# Records

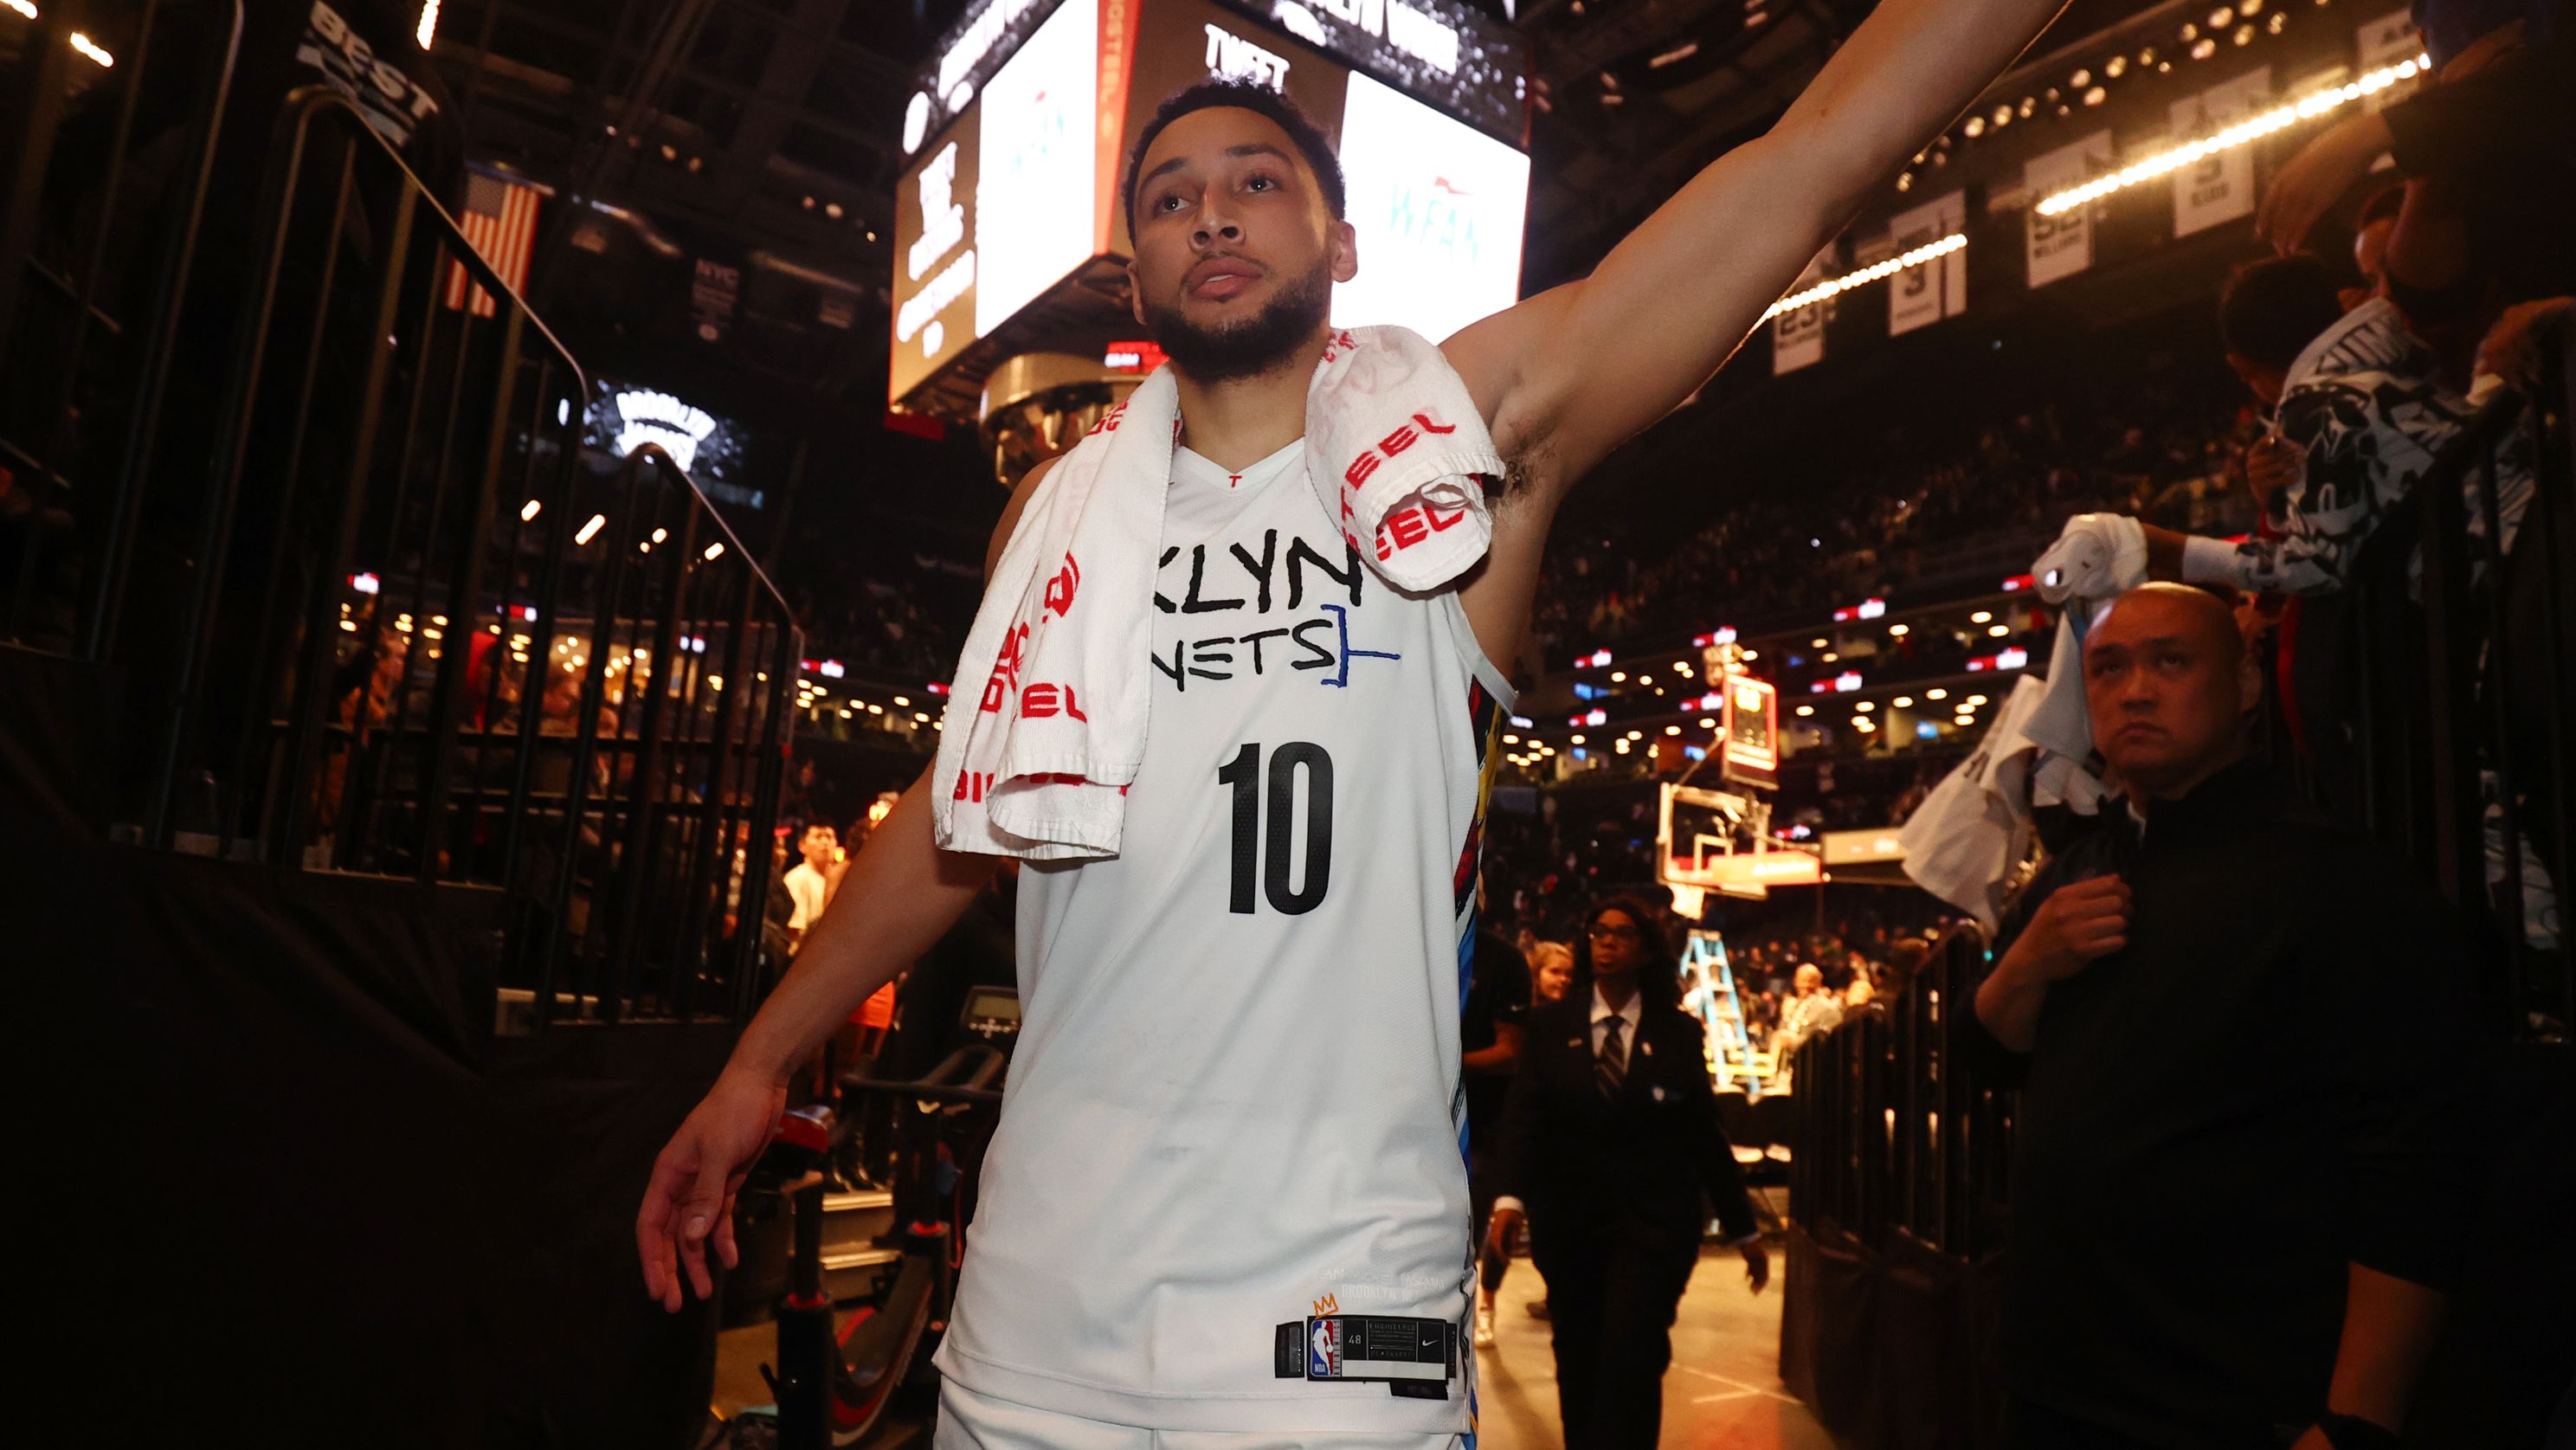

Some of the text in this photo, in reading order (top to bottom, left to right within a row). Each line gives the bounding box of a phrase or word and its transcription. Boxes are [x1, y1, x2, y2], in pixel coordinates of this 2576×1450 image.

[309, 0, 441, 119] BEST
[1099, 0, 1124, 103] OSTEEL
[1204, 23, 1291, 94] TWEET
[1229, 475, 1242, 487] T
[1219, 741, 1334, 915] 10
[1314, 1363, 1326, 1373] NBA
[1349, 1334, 1362, 1344] 48
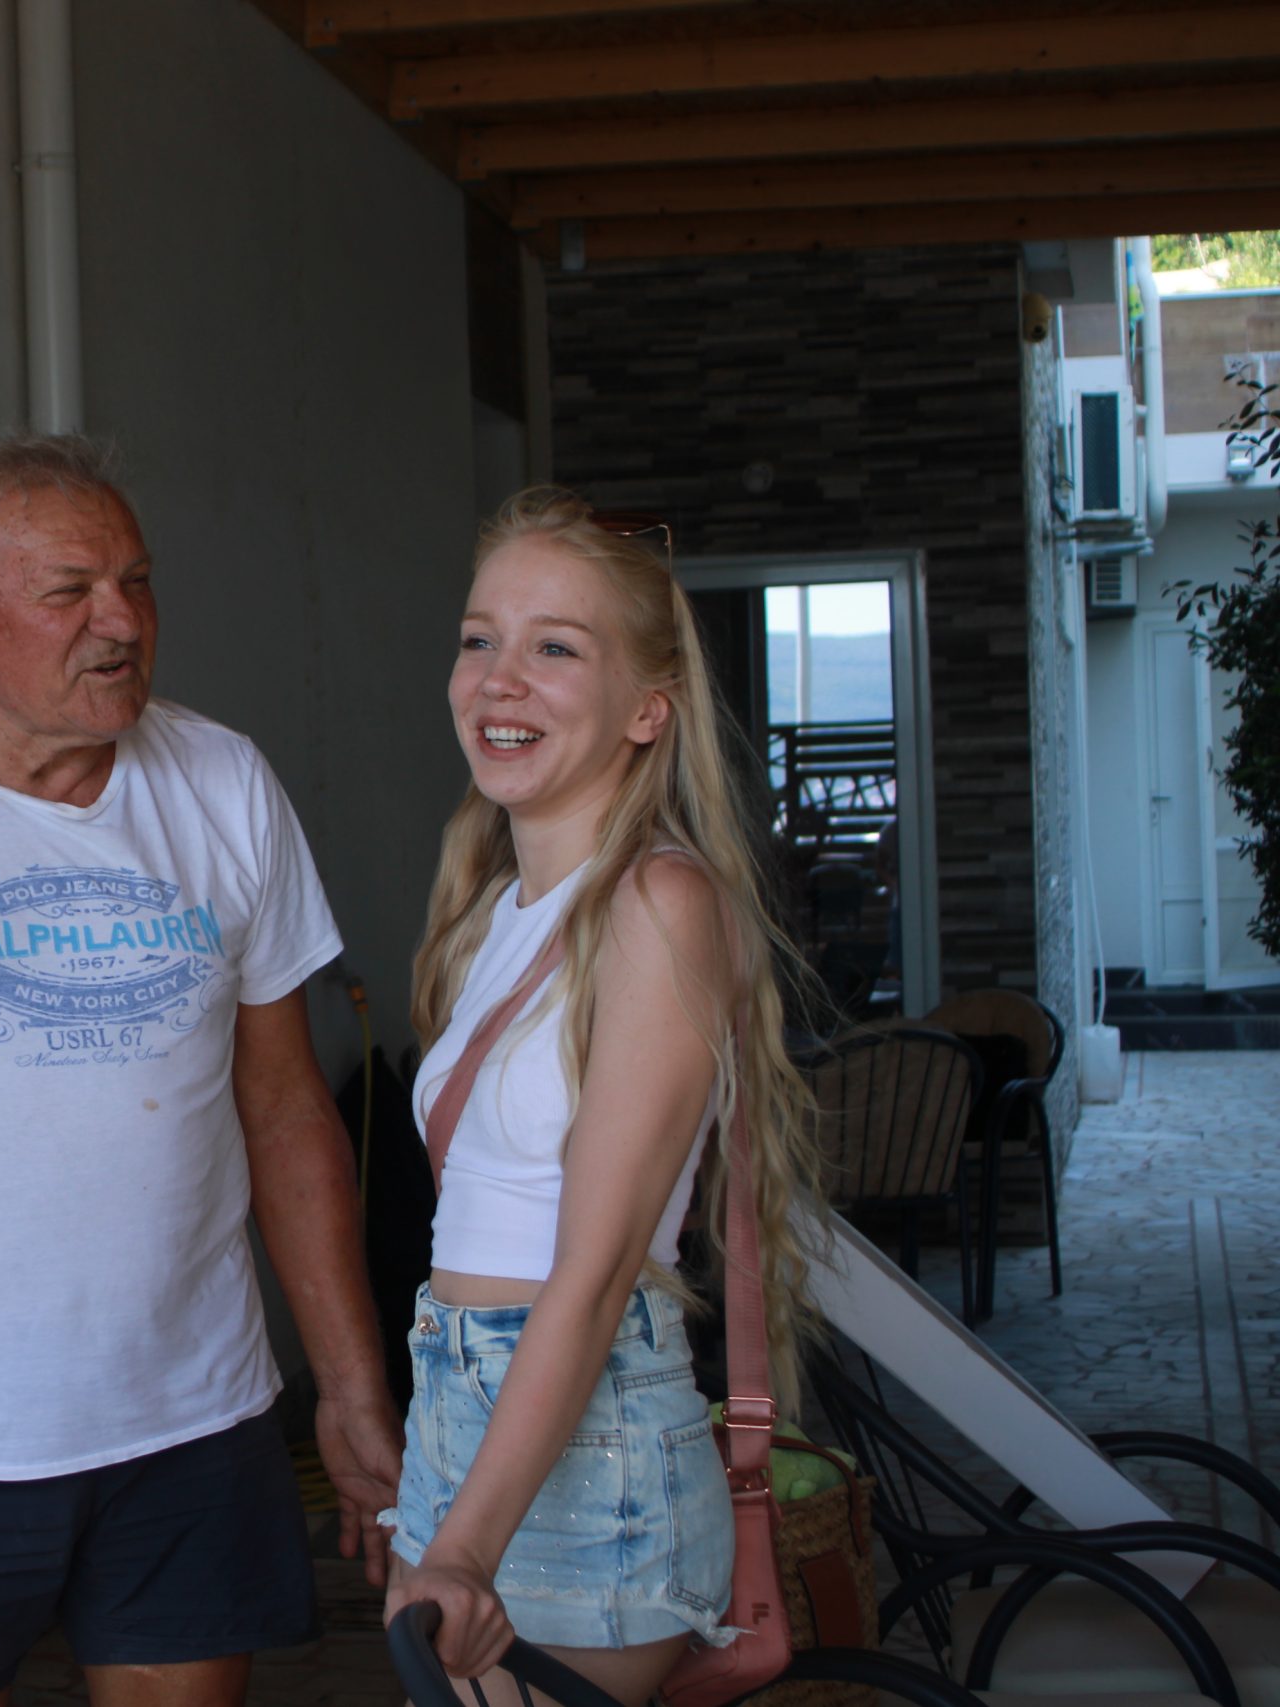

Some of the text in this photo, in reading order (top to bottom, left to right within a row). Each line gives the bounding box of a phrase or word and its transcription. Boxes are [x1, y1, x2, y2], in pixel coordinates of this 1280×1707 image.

[2, 880, 167, 905] POLO JEANS CO.
[15, 974, 179, 1009] NEW YORK CITY
[45, 1026, 143, 1050] USRL 67
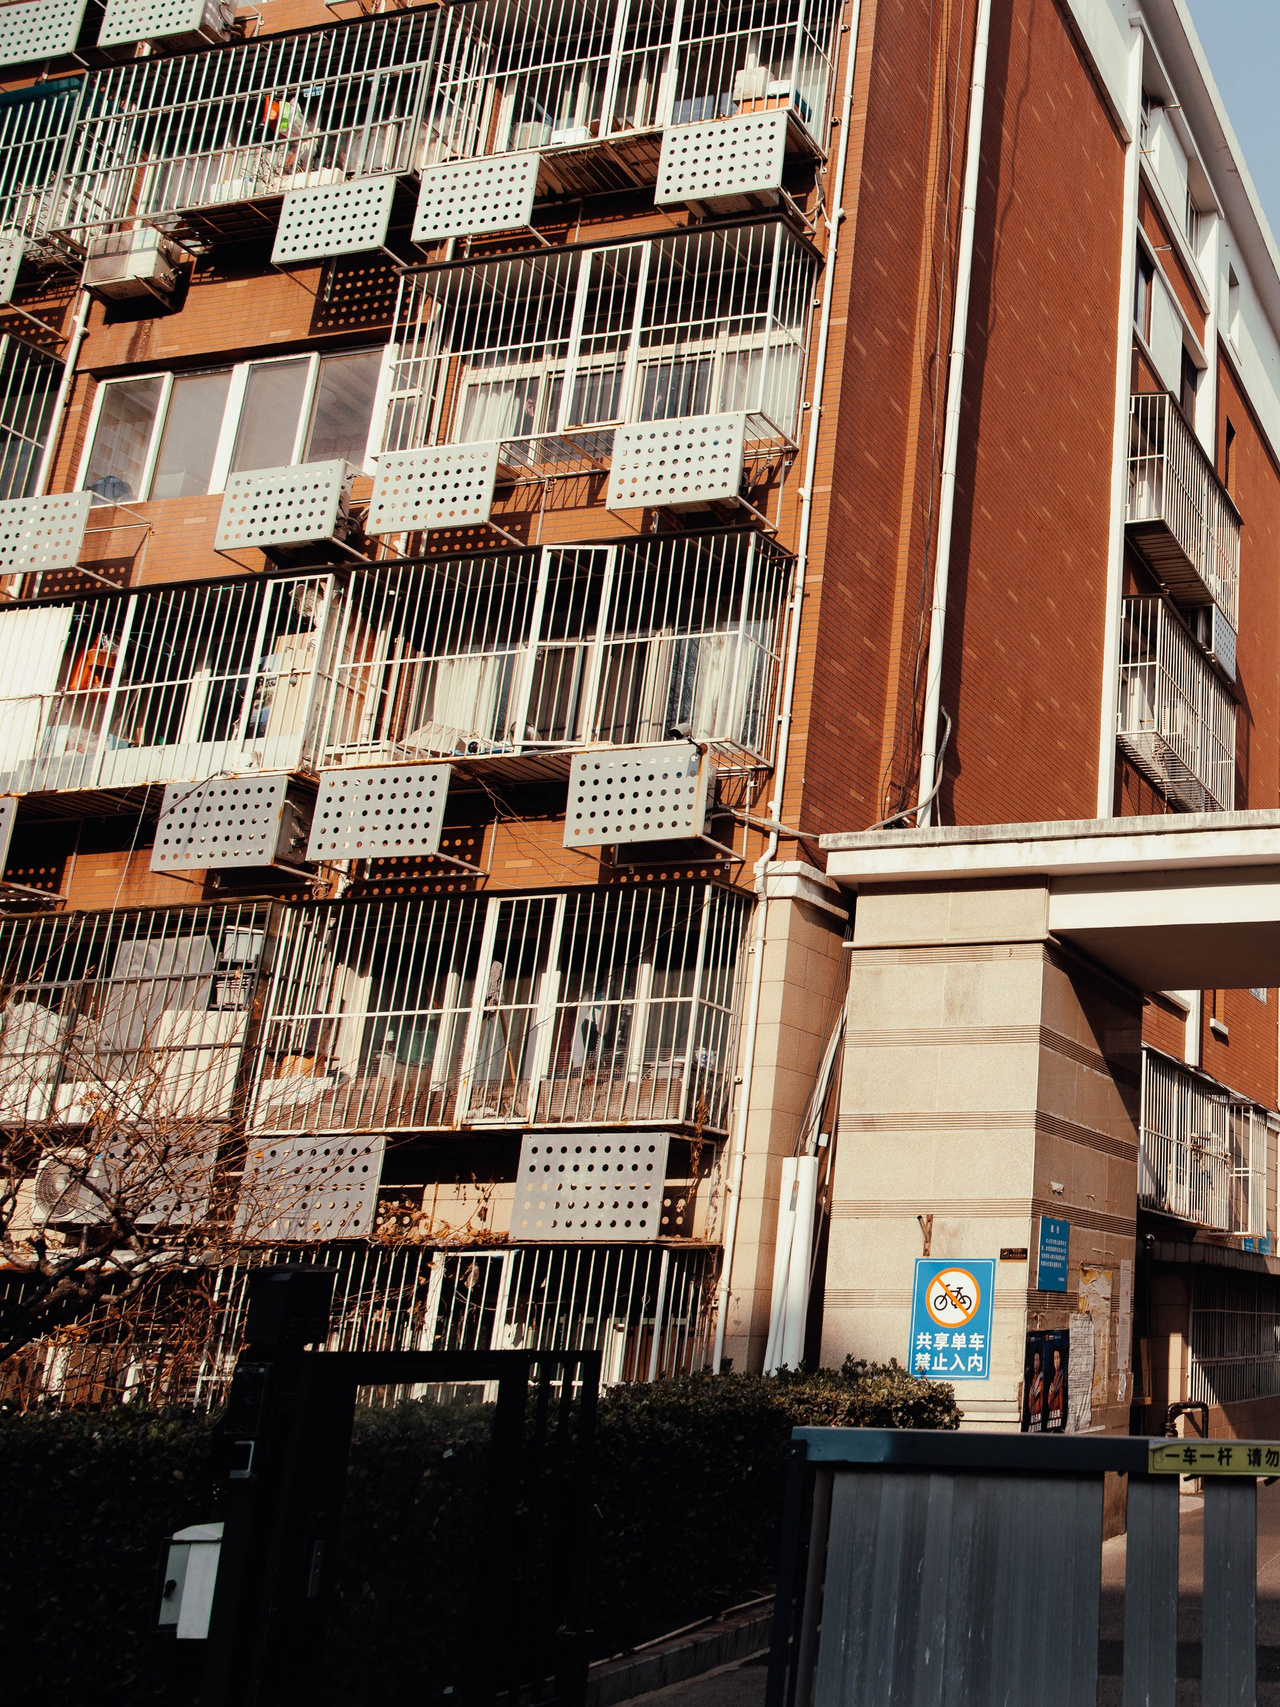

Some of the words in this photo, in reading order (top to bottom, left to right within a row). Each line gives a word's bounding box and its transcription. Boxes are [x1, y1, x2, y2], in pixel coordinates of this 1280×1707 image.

[916, 1332, 985, 1351] 共享单车
[914, 1353, 984, 1373] 禁止入内
[1165, 1447, 1234, 1467] 一车一杆

# Work to complete
Every entry should be repeated verbatim, with the pictures left out.

# Your solution
Some of the text in this photo, in reading order (top to bottom, left to right within a row). Each line gives the bounding box of a phrase or word and its transcription. Boxes are [x1, y1, x2, y2], in pixel coordinates of this 2576×1450 image.

[309, 0, 441, 119] BEST
[1099, 0, 1124, 103] OSTEEL
[1204, 23, 1291, 94] TWEET
[1229, 475, 1242, 487] T
[1219, 741, 1334, 915] 10
[1314, 1363, 1326, 1373] NBA
[1349, 1334, 1362, 1344] 48

Some of the text in this photo, in reading order (top to bottom, left to right within a row). Each line gives the bounding box of a phrase or word and its transcription. Boxes are [x1, y1, x2, y2], in pixel coordinates of this 1280×1707 image.

[2, 880, 167, 905] POLO JEANS CO.
[15, 974, 179, 1009] NEW YORK CITY
[45, 1026, 143, 1050] USRL 67

Some of the words in this photo, in reading order (top to bottom, left to right within a row). Each line gives a word's bounding box and its transcription. Boxes are [x1, y1, x2, y2], in pixel coordinates of this 1280×1707 image.

[916, 1332, 985, 1351] 共享单车
[914, 1353, 984, 1373] 禁止入内
[1165, 1447, 1234, 1467] 一车一杆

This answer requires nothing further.